■ Work instructions ■
Output the data verbatim, minus the images.

■ Dataset excerpts ■

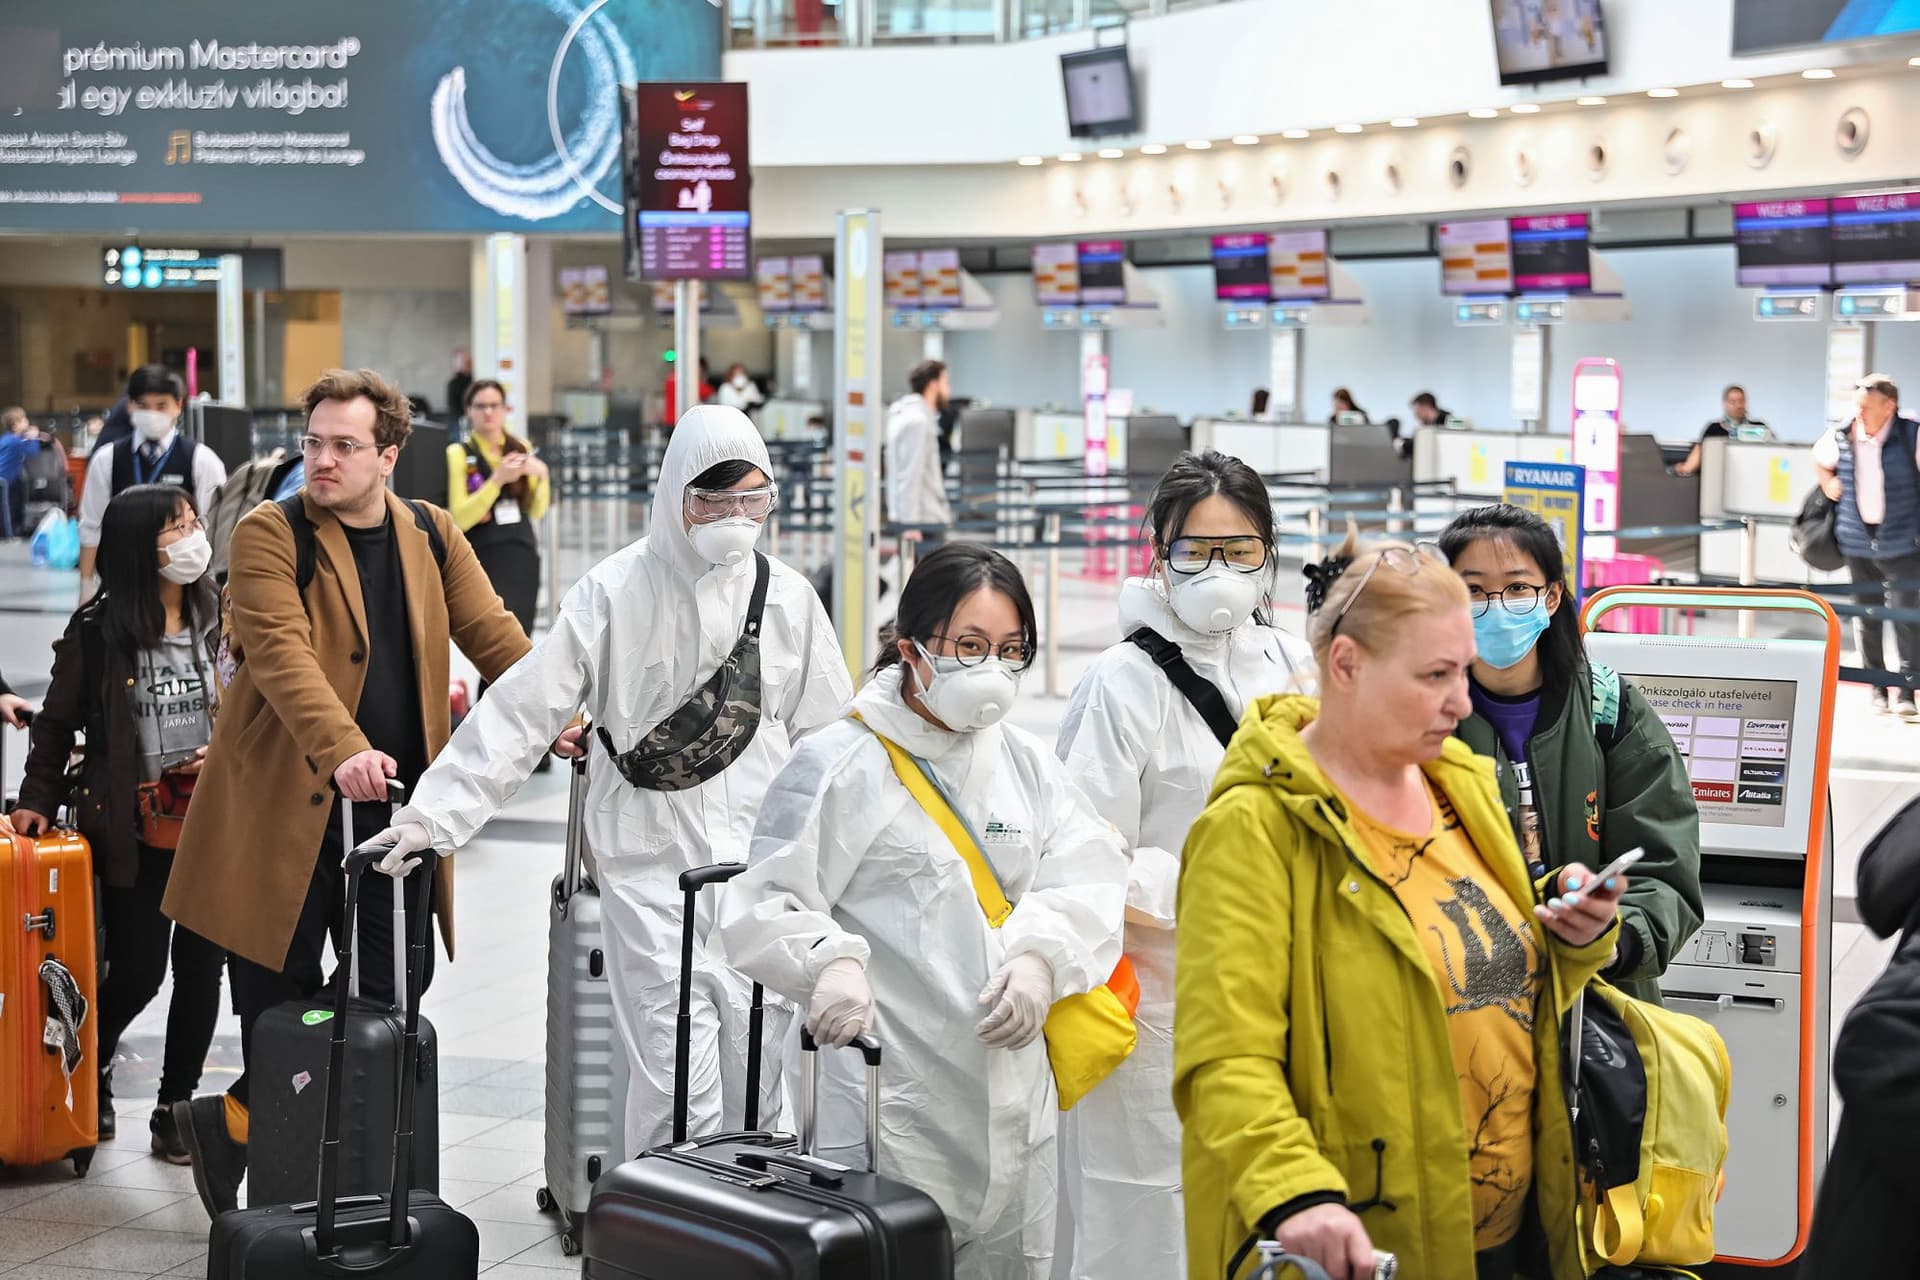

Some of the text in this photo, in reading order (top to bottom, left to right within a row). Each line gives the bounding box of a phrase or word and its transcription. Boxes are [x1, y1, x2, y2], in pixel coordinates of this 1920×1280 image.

[63, 40, 185, 77] prémium
[81, 85, 132, 115] egy
[135, 78, 239, 110] exkluzív
[241, 78, 349, 115] világba!
[1855, 198, 1885, 211] WIZZ
[1514, 467, 1576, 487] RYANAIR
[1708, 688, 1772, 702] utasfelvétel
[1671, 698, 1701, 710] check
[1704, 700, 1715, 709] in
[1718, 700, 1743, 711] here
[163, 716, 197, 729] JAPAN
[1692, 787, 1731, 798] Emirates
[1739, 789, 1772, 799] Alitalia
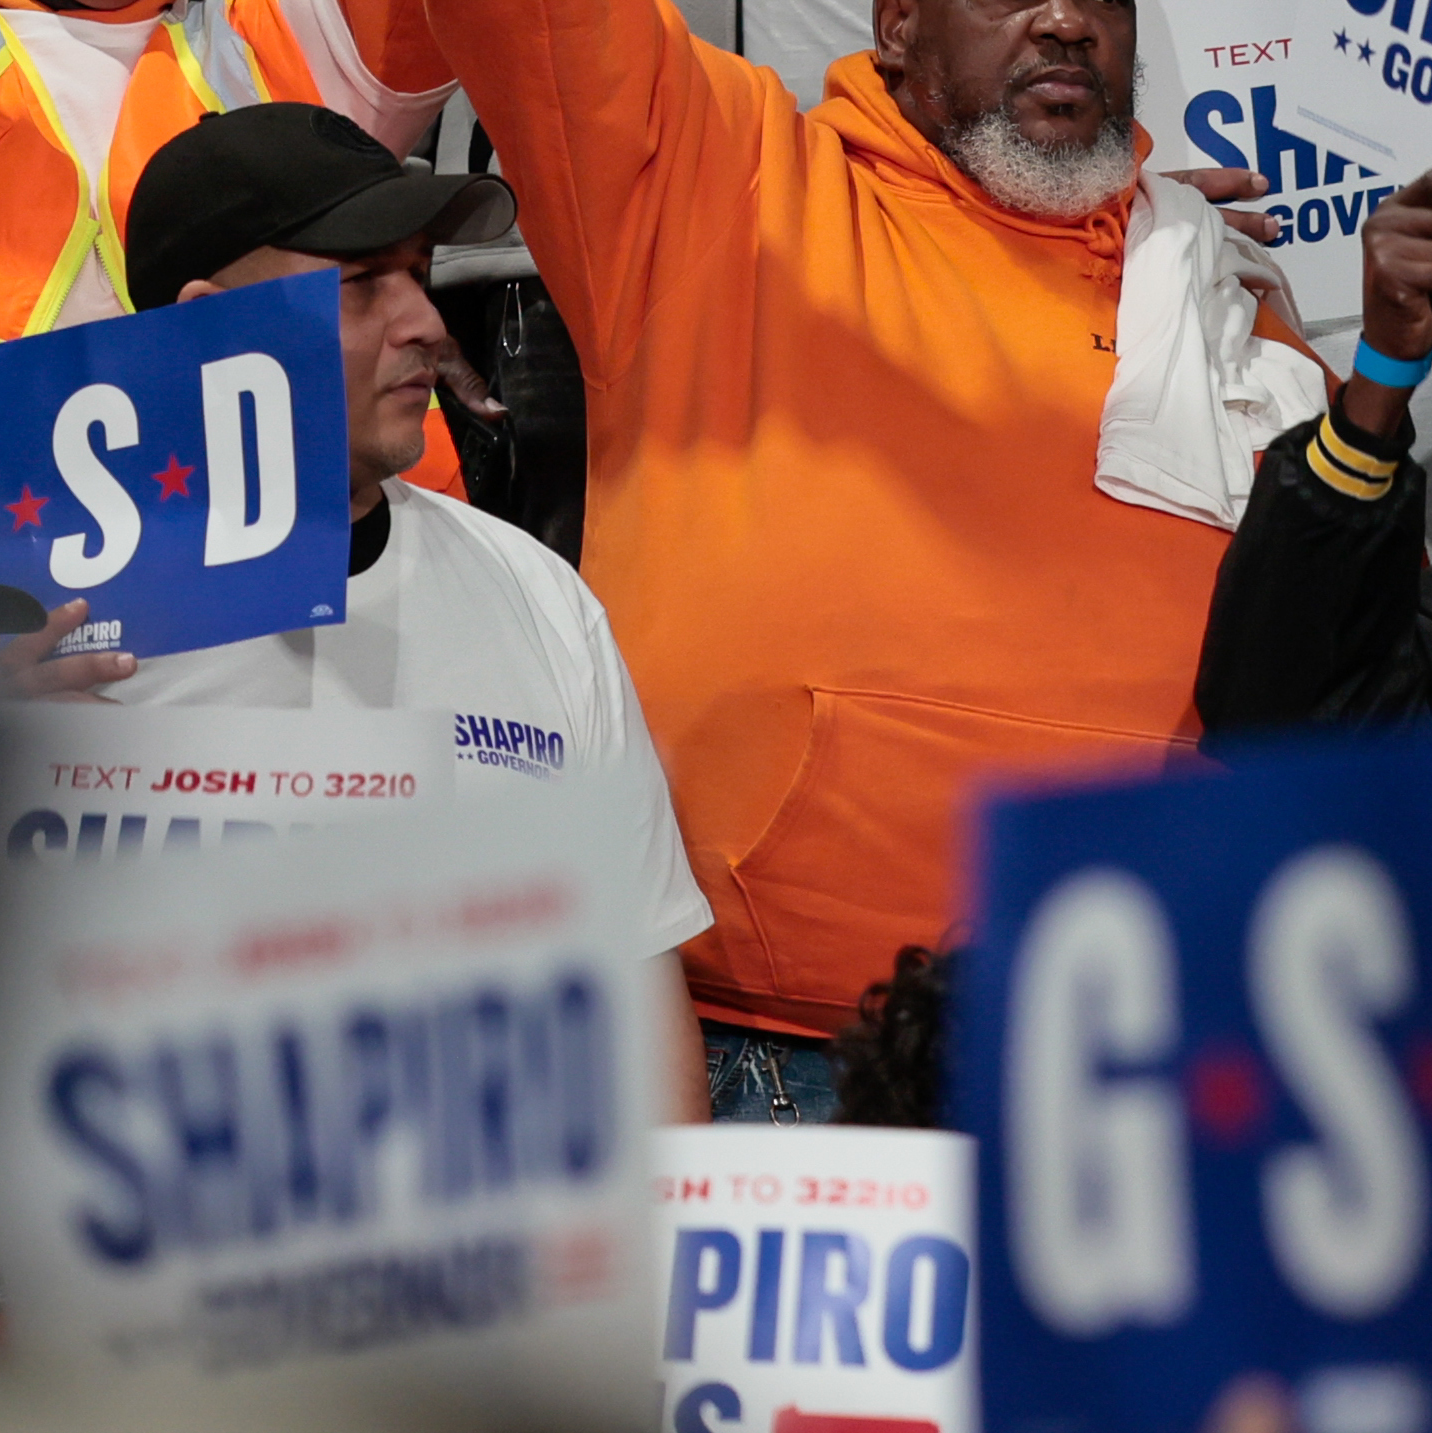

■ Answer to the exercise ■
Some of the text in this photo, in reading order (top to bottom, left to right within a row). Each line gives the bounding box of a phrase or word and its transcription. Boxes are [x1, y1, x2, y2], in pixel coordinates of this 1920×1280 image.

[63, 40, 185, 77] prémium
[81, 85, 132, 115] egy
[135, 78, 239, 110] exkluzív
[241, 78, 349, 115] világba!
[1855, 198, 1885, 211] WIZZ
[1514, 467, 1576, 487] RYANAIR
[1708, 688, 1772, 702] utasfelvétel
[1671, 698, 1701, 710] check
[1704, 700, 1715, 709] in
[1718, 700, 1743, 711] here
[163, 716, 197, 729] JAPAN
[1692, 787, 1731, 798] Emirates
[1739, 789, 1772, 799] Alitalia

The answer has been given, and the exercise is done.